BP8 : Adapting Assessment tasks from Onsite to Online
How another lockdown period may impact the learners in your focus group?
Will you need to make any changes to your Inquiry?How might your intervention look different if you continue through this period?
- Do any of your intervention plans work via distance learning?
- Is there any information about implementation of your changed practices/interventions you could collect during this time?
My target group of learners for my Inquiry 2021 will be my Year 12 NCEA Level 2 class. This group of learners were my target group from my 2020 Inquiry.
Another resource that I developed for my target group of learners during lockdown, has been to adapt the Assessment tasks from Onsite (software on workstations within the classroom) to Online (software available online).
In the week prior to lockdown, and as momentum was gaining traction on our news channels regarding the possibility of the Delta strain of Covid19 being in the community, I knew that I'd have to prepare my senior class for working online from home with their assessment. The reason that this was so important is that the assessment that the students are working on, requires the use of industry-standard software that is located on the desktop machines in the classroom, and is not available on the chromebook type devices that students have access to at home.

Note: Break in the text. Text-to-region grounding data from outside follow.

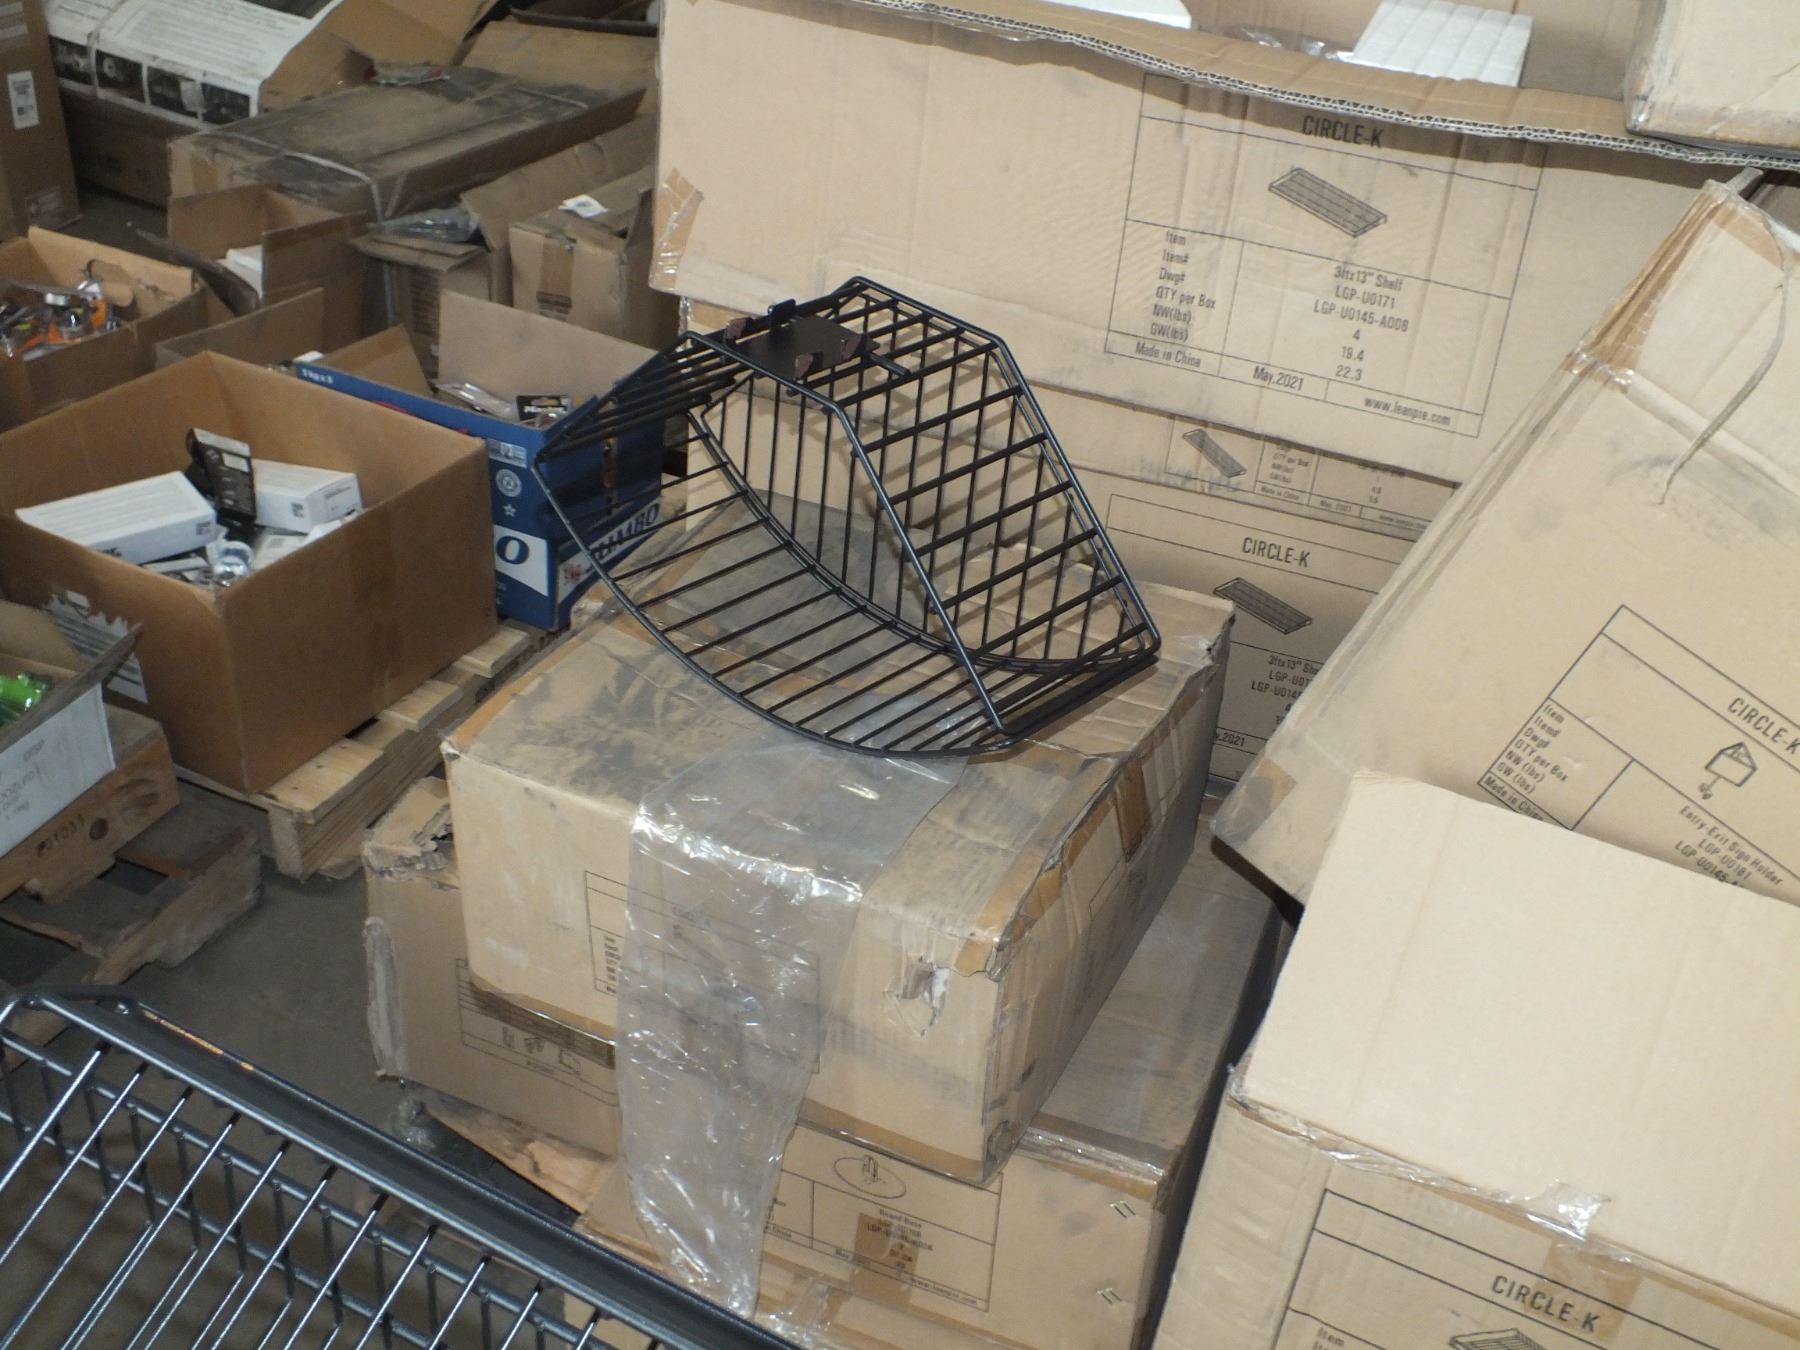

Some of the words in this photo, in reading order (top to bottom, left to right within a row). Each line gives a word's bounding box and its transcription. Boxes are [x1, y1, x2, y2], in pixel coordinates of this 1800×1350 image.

[1302, 114, 1385, 148] CIRCLE-K
[1166, 231, 1187, 246] Item
[1162, 249, 1190, 264] Item#
[1375, 273, 1403, 292] Shelf
[1155, 286, 1178, 301] QTY
[1178, 293, 1196, 307] per
[1197, 293, 1217, 309] Box
[1334, 285, 1396, 310] LGP-U0171
[1352, 328, 1361, 341] 4
[1135, 341, 1160, 359] Made
[1162, 350, 1173, 362] in
[1174, 349, 1202, 368] China
[1334, 364, 1363, 382] 22.3
[1242, 537, 1311, 569] CIRCLE-K
[1268, 669, 1313, 688] LGP-U01
[1543, 704, 1565, 724] Item
[1727, 697, 1800, 755] CIRCLE-K
[1215, 731, 1246, 748] .2021
[1550, 764, 1569, 783] Box
[1484, 776, 1509, 798] Made
[1674, 840, 1745, 889] LGP-U0145-
[1727, 841, 1752, 864] Sign
[1750, 858, 1784, 886] Holder
[1491, 1274, 1601, 1334] CIRCLE-K
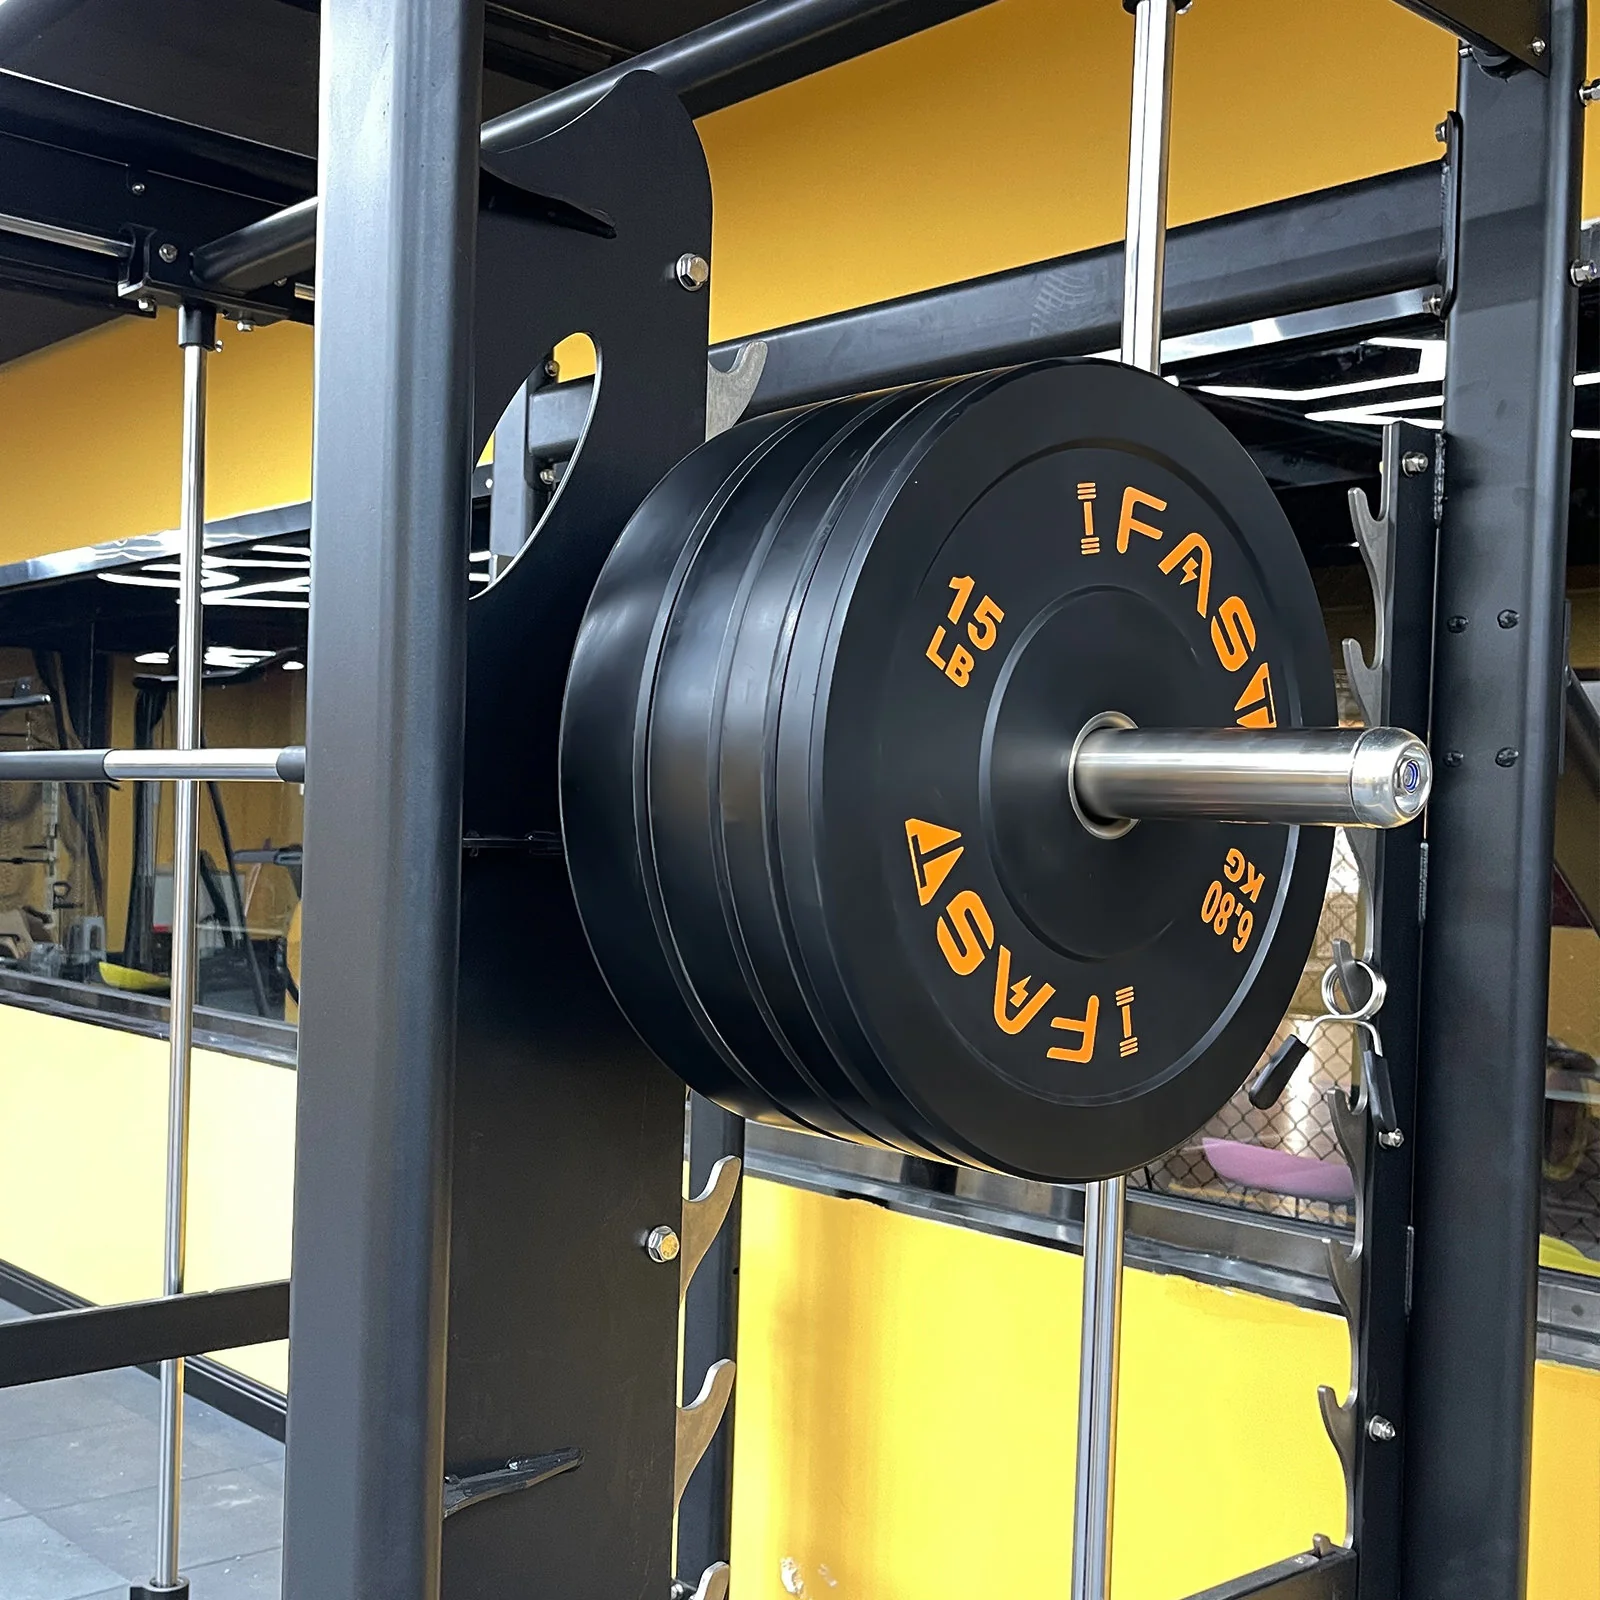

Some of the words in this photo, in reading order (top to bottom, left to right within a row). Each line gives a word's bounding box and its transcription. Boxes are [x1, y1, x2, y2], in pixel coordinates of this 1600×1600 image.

In the week prior to lockdown, I aimed to prepare my students by asking them to make copies of their codes (so far) and paste these into documents that they would then have access to in their Drives. In addition to this, I stepped the students through the process of setting up the 'alternative' website using the online application, Neocities, to accommodate their assessment requirements online. Although the process of doing this makes sense in theory, in practice I could understand why my students would think that I was mad! I could imagine them thinking, 'Why on earth is she making us do this?' This is largely too because I didn't want to raise alarm or cause distress amongst my students, when everything (at that time) was business as usual ..... and then of course, the announcement was made on the 17th August, that we would move into lockdown, and here we are.
So, prior to the official lockdown announcement, a couple of the learners had set up their (Plan B) Neocities website, whilst the majority had not.
Once we entered lockdown, I recreated a website into my newly created Neocities website, of the codes that I had from the VS Code version of the same website. VS Code being the software application that students were using onsite for their assessment. I felt it important to model to the students that the quality of their sites would not be compromised by developing them in Neocities. One of the students asked if they would still use VS Code once we were back in the classroom, to which I replied "yes" and that we'd just transfer the codes back to VS Code.
So, the process of adapting Assessment tasks from Onsite to Online (in terms of using an online alternative software) looks as follows:
- I recreated a website in Neocities of the VS Code version of the same website to model this to my learners - link of this model website is included in the Assessment Workspace
- I set up a presentation slide deck into our Assessment Workspace, to step students through the process of setting up their Neocities site, which differs to setting up their website using VS Code - link of this presentation slidedeck is included in the Assessment Workspace
- I demonstrated the setup process in a Google Meet, and recorded the Meet as a rewindable resource for students who were not in the Meet - link of this Google Meet is included in the Assessment Workspace
In addition, the Evidence Gathering Templates for DGT that includes the Checklists, used in conjunction with Neocities resources, provide a structured guide on how students can progress through the tasks for their NCEA Level 2 Web Development assessment.